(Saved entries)
· · · ·
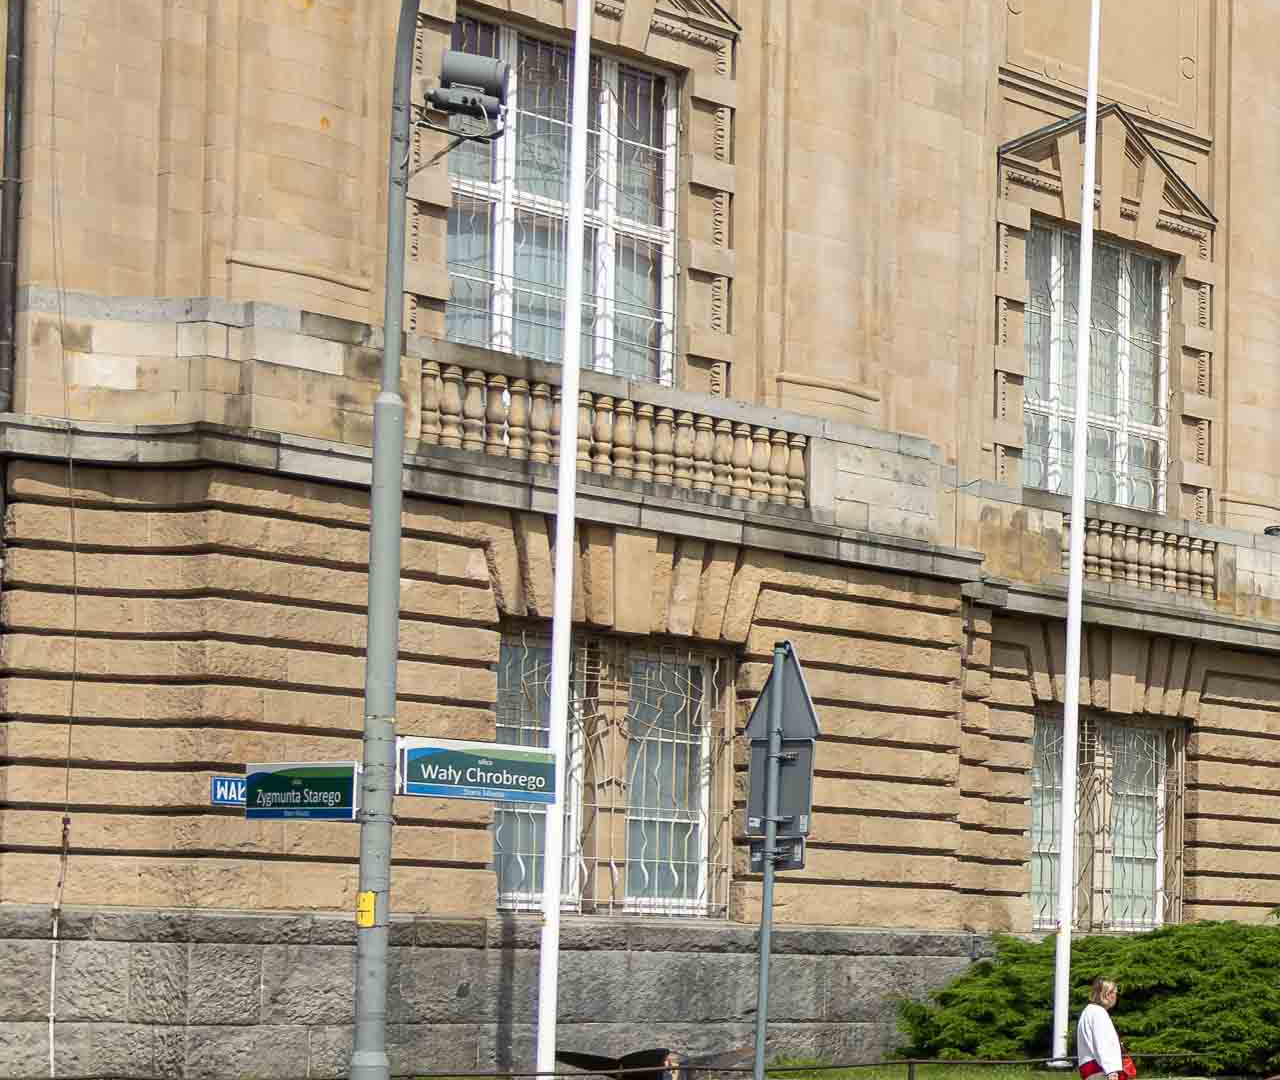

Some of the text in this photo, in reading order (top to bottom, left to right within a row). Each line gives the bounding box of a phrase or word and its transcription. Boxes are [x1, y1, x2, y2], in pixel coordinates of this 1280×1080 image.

[420, 764, 546, 790] Wały Chrobrego
[256, 788, 341, 807] Zygmunta Starego
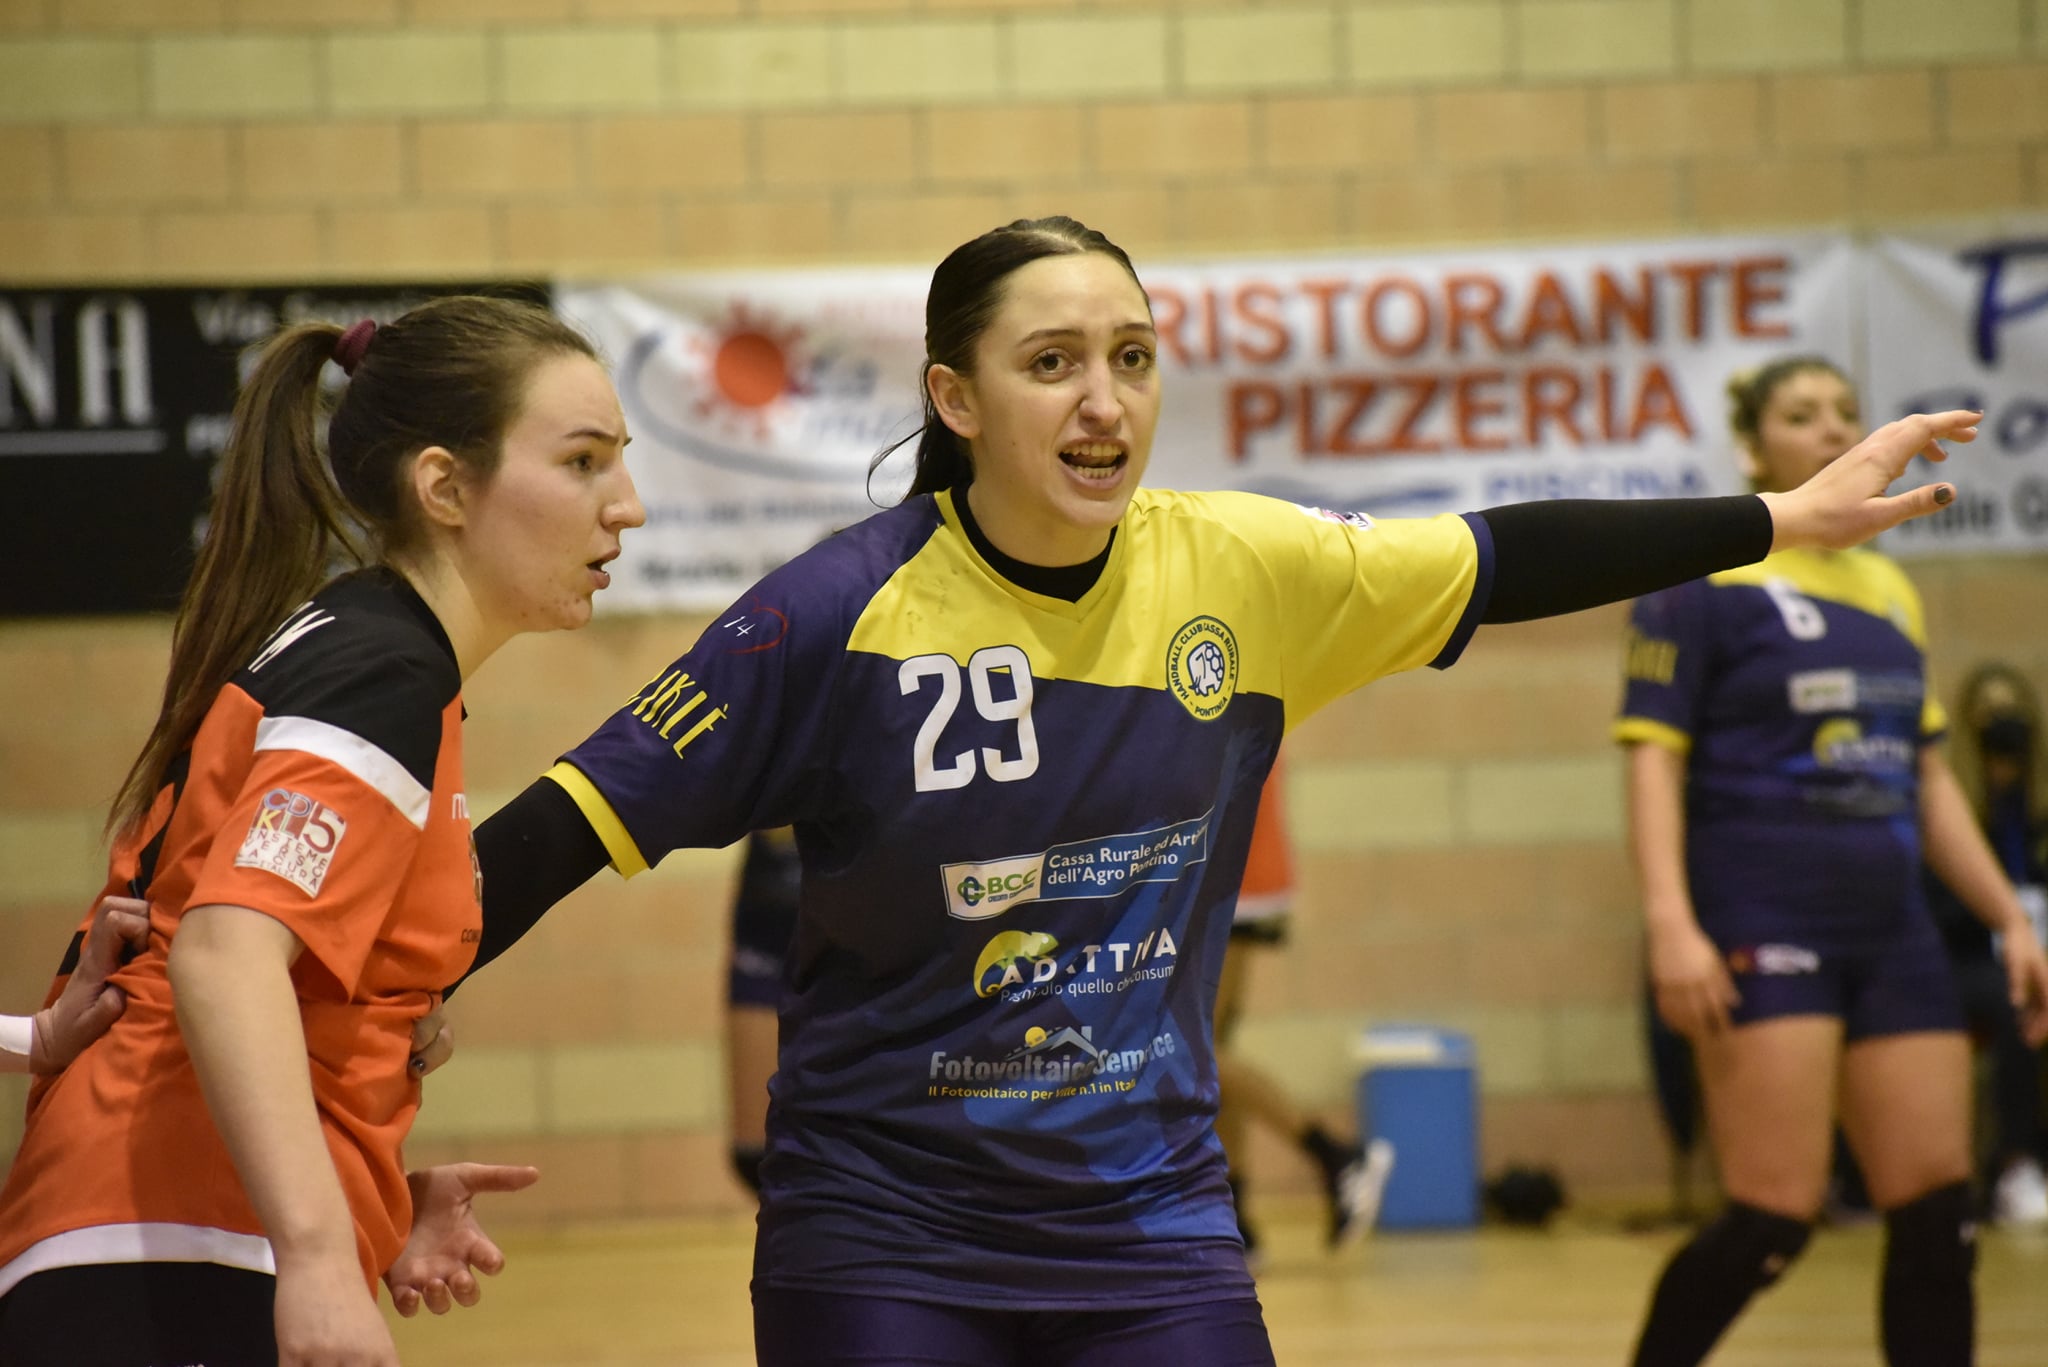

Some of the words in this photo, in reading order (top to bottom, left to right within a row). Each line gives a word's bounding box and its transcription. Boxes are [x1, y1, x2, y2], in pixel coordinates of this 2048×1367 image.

[1144, 256, 1791, 368] RISTORANTE
[1224, 361, 1695, 463] PIZZERIA
[1180, 623, 1203, 645] CLUB
[1223, 637, 1235, 680] RURALE
[1171, 645, 1190, 700] HANDBALL
[898, 644, 1040, 793] 29
[1048, 853, 1095, 869] Cassa
[1099, 843, 1152, 863] Rurale
[987, 867, 1037, 894] BCC
[1047, 868, 1125, 886] dell'Agro
[1068, 977, 1115, 998] quello
[928, 1086, 938, 1097] Il
[941, 1086, 1029, 1099] Fotovoltaico
[1031, 1089, 1054, 1102] per
[1079, 1083, 1097, 1096] n.1
[1099, 1081, 1112, 1093] in
· · · ·
_Task objective_:
Copy out every line of the data above, taking care to leave the pictures out.

_Your solution_:
Some of the text in this photo, in reading order (top to bottom, left to right within a row). Each line gives the bounding box of a phrase or word and its transcription. Boxes are [x1, y1, x2, y2], in pixel coordinates of this 1280×1080 image.

[420, 764, 546, 790] Wały Chrobrego
[256, 788, 341, 807] Zygmunta Starego

Some of the words in this photo, in reading order (top to bottom, left to right within a row). Each line gives a word's bounding box and its transcription. Boxes are [x1, y1, x2, y2], in pixel coordinates of this 2048×1367 image.

[1144, 256, 1791, 368] RISTORANTE
[1224, 361, 1695, 463] PIZZERIA
[1180, 623, 1203, 645] CLUB
[1223, 637, 1235, 680] RURALE
[1171, 645, 1190, 700] HANDBALL
[898, 644, 1040, 793] 29
[1048, 853, 1095, 869] Cassa
[1099, 843, 1152, 863] Rurale
[987, 867, 1037, 894] BCC
[1047, 868, 1125, 886] dell'Agro
[1068, 977, 1115, 998] quello
[928, 1086, 938, 1097] Il
[941, 1086, 1029, 1099] Fotovoltaico
[1031, 1089, 1054, 1102] per
[1079, 1083, 1097, 1096] n.1
[1099, 1081, 1112, 1093] in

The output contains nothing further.